◆ What is being asked ◆
These records are to be written out exactly as they read, minus the pictures.

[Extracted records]
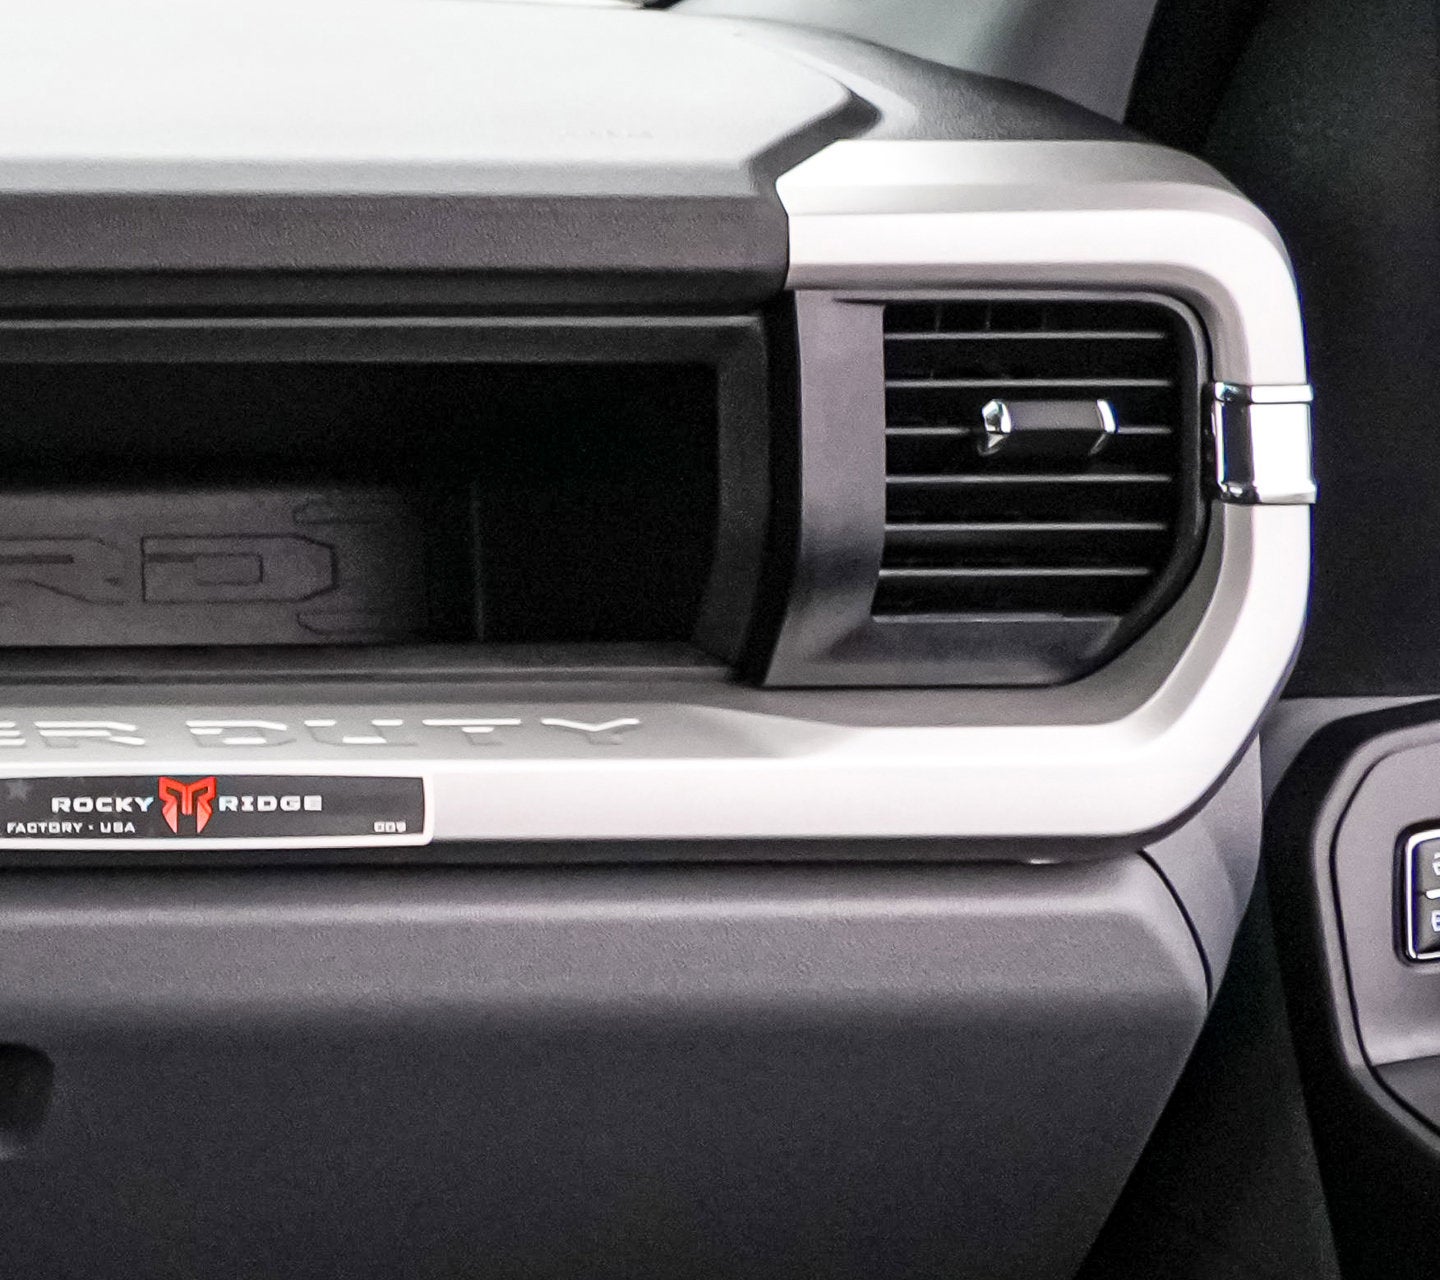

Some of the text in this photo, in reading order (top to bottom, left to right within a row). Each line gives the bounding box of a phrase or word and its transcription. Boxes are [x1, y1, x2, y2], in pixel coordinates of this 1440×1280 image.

[185, 717, 641, 747] DUTY
[51, 794, 324, 814] ROCKY RIDGE
[6, 821, 83, 835] FACTORY
[100, 821, 136, 835] USA
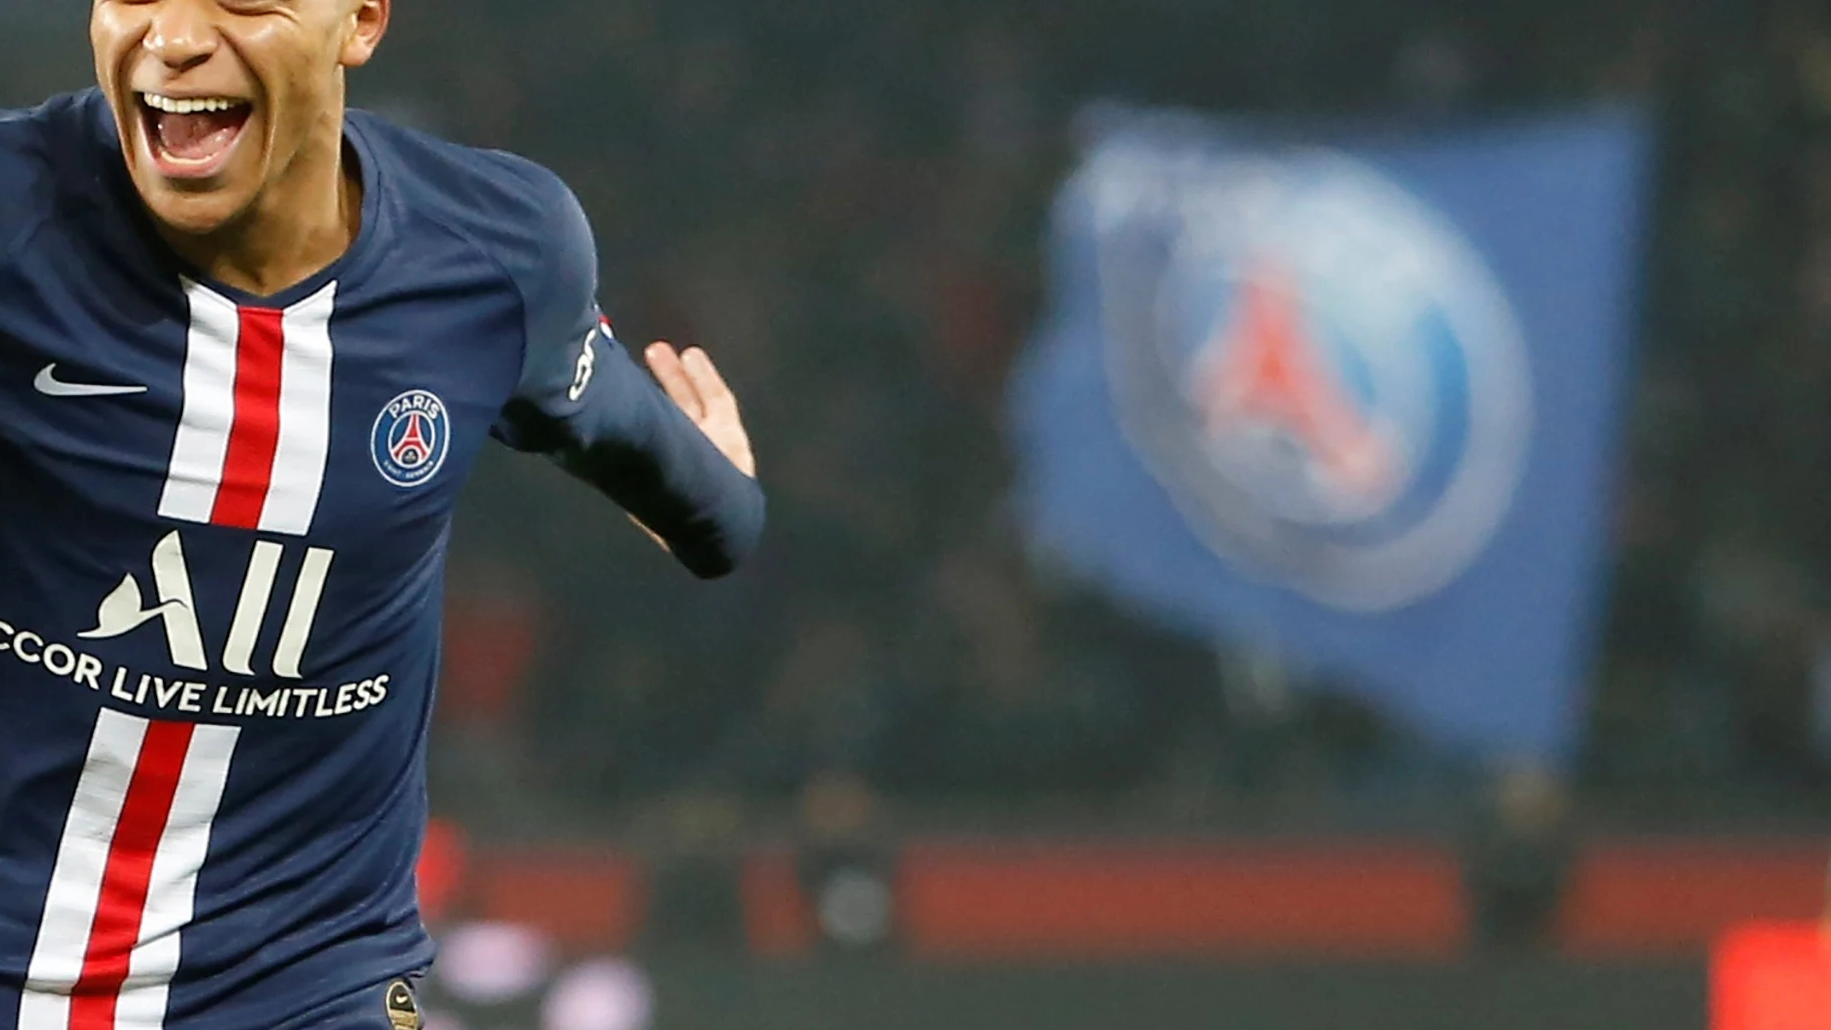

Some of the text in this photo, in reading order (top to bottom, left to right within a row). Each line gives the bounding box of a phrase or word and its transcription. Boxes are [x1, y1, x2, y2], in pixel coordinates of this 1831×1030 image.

[388, 394, 441, 420] PARIS
[110, 665, 208, 714] LIVE
[211, 673, 391, 719] LIMITLESS
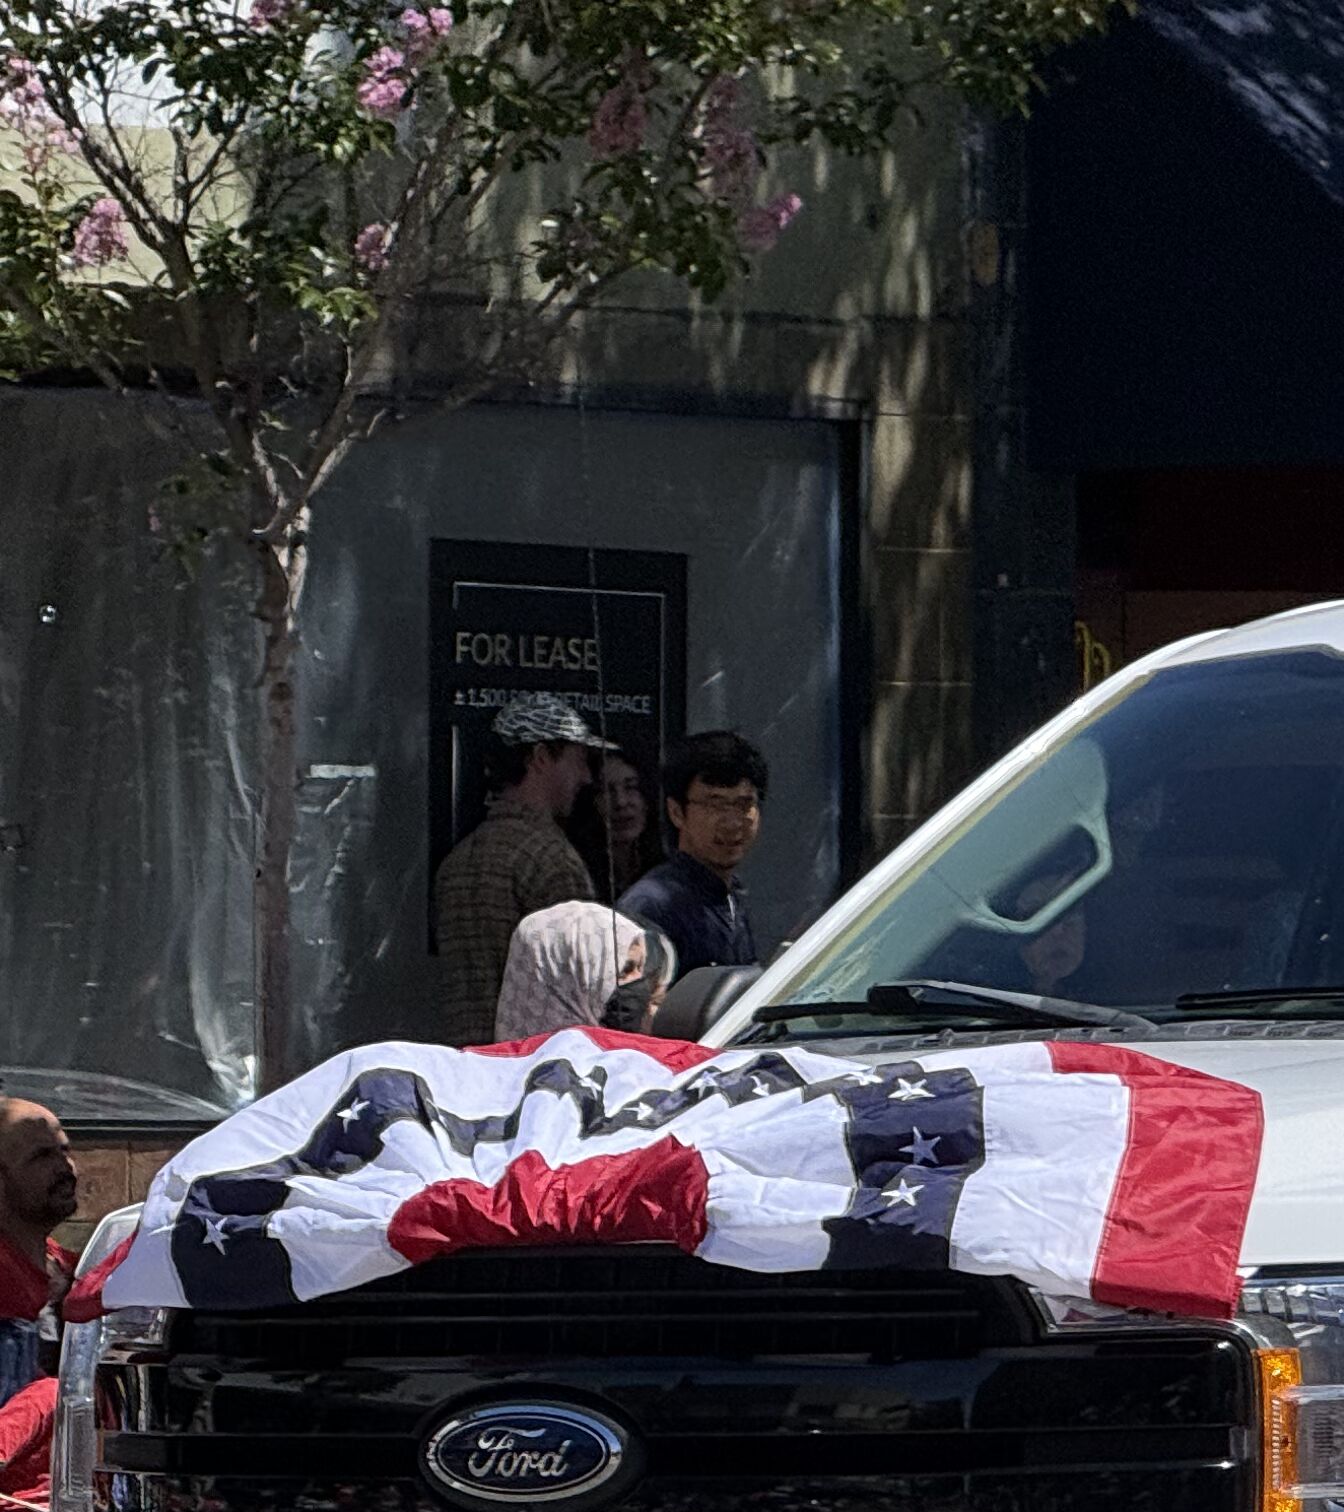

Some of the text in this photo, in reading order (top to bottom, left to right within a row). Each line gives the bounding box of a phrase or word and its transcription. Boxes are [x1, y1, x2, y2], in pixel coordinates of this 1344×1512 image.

[455, 631, 600, 671] FOR LEASE
[468, 1426, 570, 1479] Ford
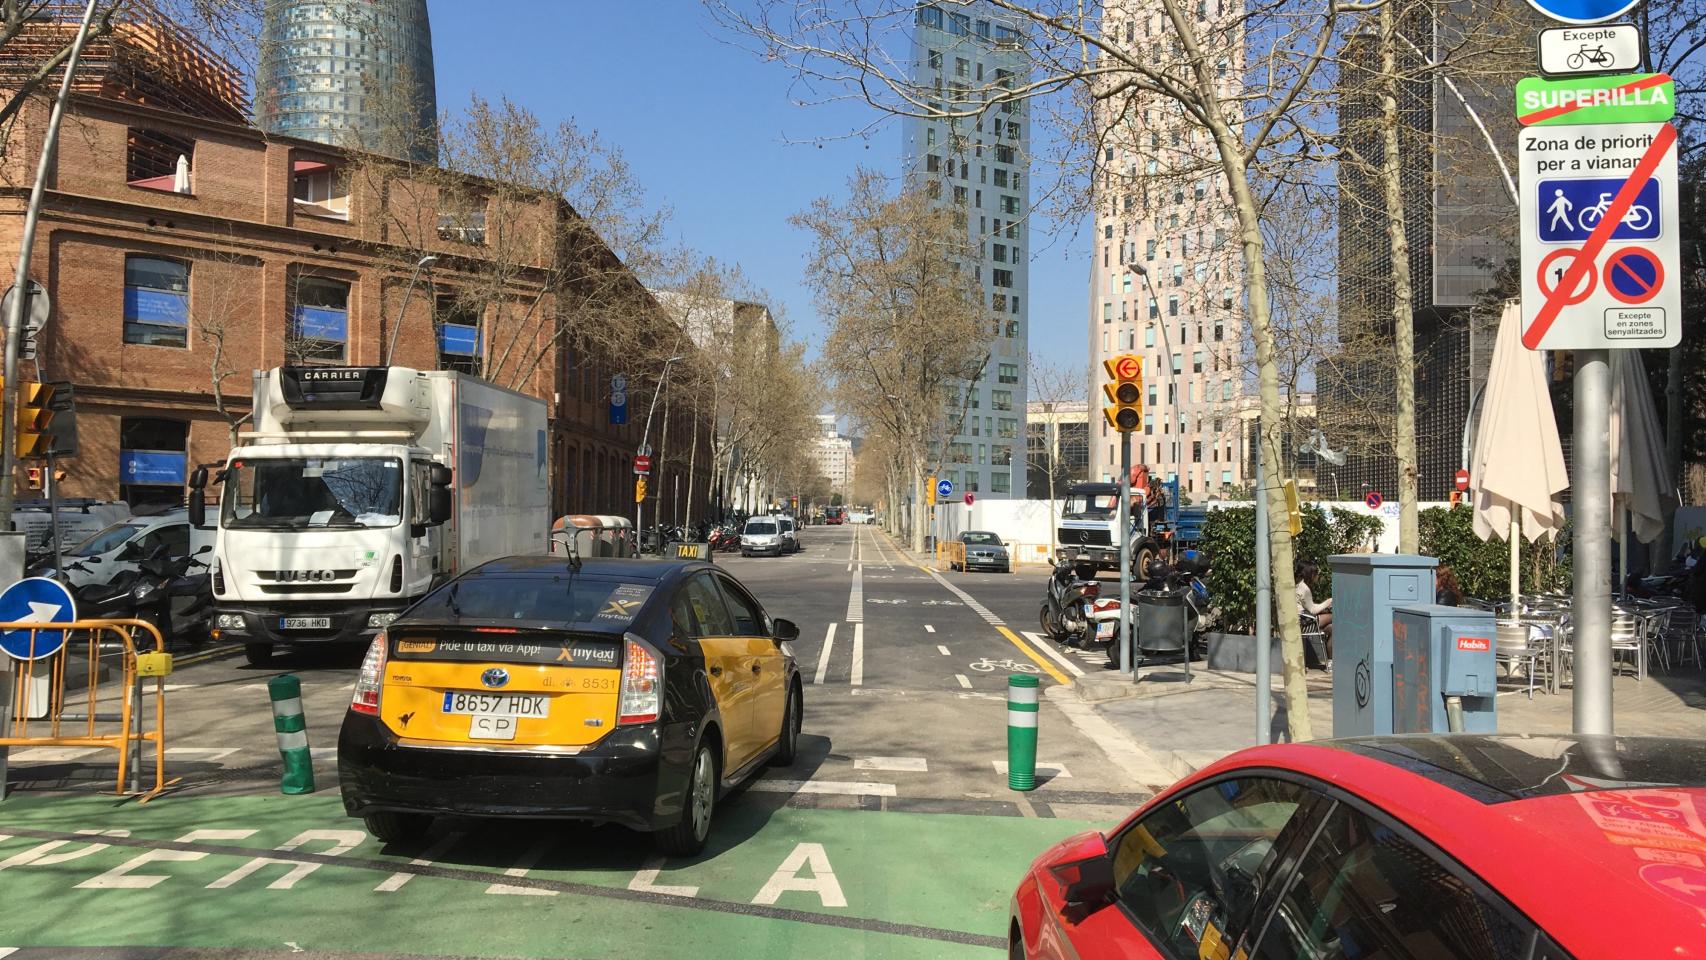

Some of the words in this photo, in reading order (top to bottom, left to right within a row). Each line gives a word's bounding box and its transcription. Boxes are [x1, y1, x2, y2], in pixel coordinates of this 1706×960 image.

[1563, 30, 1616, 42] Excepte
[1524, 87, 1668, 109] SUPERILLA
[1525, 137, 1569, 151] Zona
[1574, 136, 1596, 150] de
[1601, 133, 1654, 152] priorit
[1537, 159, 1566, 174] per
[1571, 159, 1581, 170] a
[1586, 156, 1643, 170] vianan
[1618, 312, 1652, 320] Excepte
[1607, 328, 1663, 336] senyalitzades
[304, 371, 360, 380] CARRIER
[677, 545, 698, 558] TAXI
[275, 569, 336, 582] IVECO
[286, 618, 307, 628] 9736
[597, 613, 634, 621] mytaxi
[439, 640, 461, 651] Pide
[464, 641, 474, 652] tu
[477, 641, 496, 652] taxi
[516, 643, 541, 656] App!
[573, 647, 615, 660] mytaxi
[582, 678, 615, 689] 8531
[455, 694, 503, 714] 8657
[508, 696, 543, 715] HDK
[0, 829, 853, 907] PERILLA

◆ Answer box ◆
Some of the text in this photo, in reading order (top to bottom, left to right within a row). Each line gives the bounding box of a phrase or word and its transcription. Boxes are [x1, y1, x2, y2], in pixel coordinates of this 1440×1280 image.

[185, 717, 641, 747] DUTY
[51, 794, 324, 814] ROCKY RIDGE
[6, 821, 83, 835] FACTORY
[100, 821, 136, 835] USA

Some of the text in this photo, in reading order (top to bottom, left to right within a row). Each line gives the bounding box of a phrase or word and its transcription. Boxes are [x1, y1, x2, y2], in pixel coordinates of this 1831×1030 image.

[388, 394, 441, 420] PARIS
[110, 665, 208, 714] LIVE
[211, 673, 391, 719] LIMITLESS

Some of the text in this photo, in reading order (top to bottom, left to right within a row). Each line gives the bounding box of a phrase or word and its transcription. Boxes are [x1, y1, x2, y2], in pixel coordinates of this 1344×1512 image.

[455, 631, 600, 671] FOR LEASE
[468, 1426, 570, 1479] Ford

Some of the words in this photo, in reading order (top to bottom, left to right within a row). Each line gives a word's bounding box and its transcription. Boxes are [x1, y1, x2, y2], in pixel coordinates of this 1706×960 image.

[1563, 30, 1616, 42] Excepte
[1524, 87, 1668, 109] SUPERILLA
[1525, 137, 1569, 151] Zona
[1574, 136, 1596, 150] de
[1601, 133, 1654, 152] priorit
[1537, 159, 1566, 174] per
[1571, 159, 1581, 170] a
[1586, 156, 1643, 170] vianan
[1618, 312, 1652, 320] Excepte
[1607, 328, 1663, 336] senyalitzades
[304, 371, 360, 380] CARRIER
[677, 545, 698, 558] TAXI
[275, 569, 336, 582] IVECO
[286, 618, 307, 628] 9736
[597, 613, 634, 621] mytaxi
[439, 640, 461, 651] Pide
[464, 641, 474, 652] tu
[477, 641, 496, 652] taxi
[516, 643, 541, 656] App!
[573, 647, 615, 660] mytaxi
[582, 678, 615, 689] 8531
[455, 694, 503, 714] 8657
[508, 696, 543, 715] HDK
[0, 829, 853, 907] PERILLA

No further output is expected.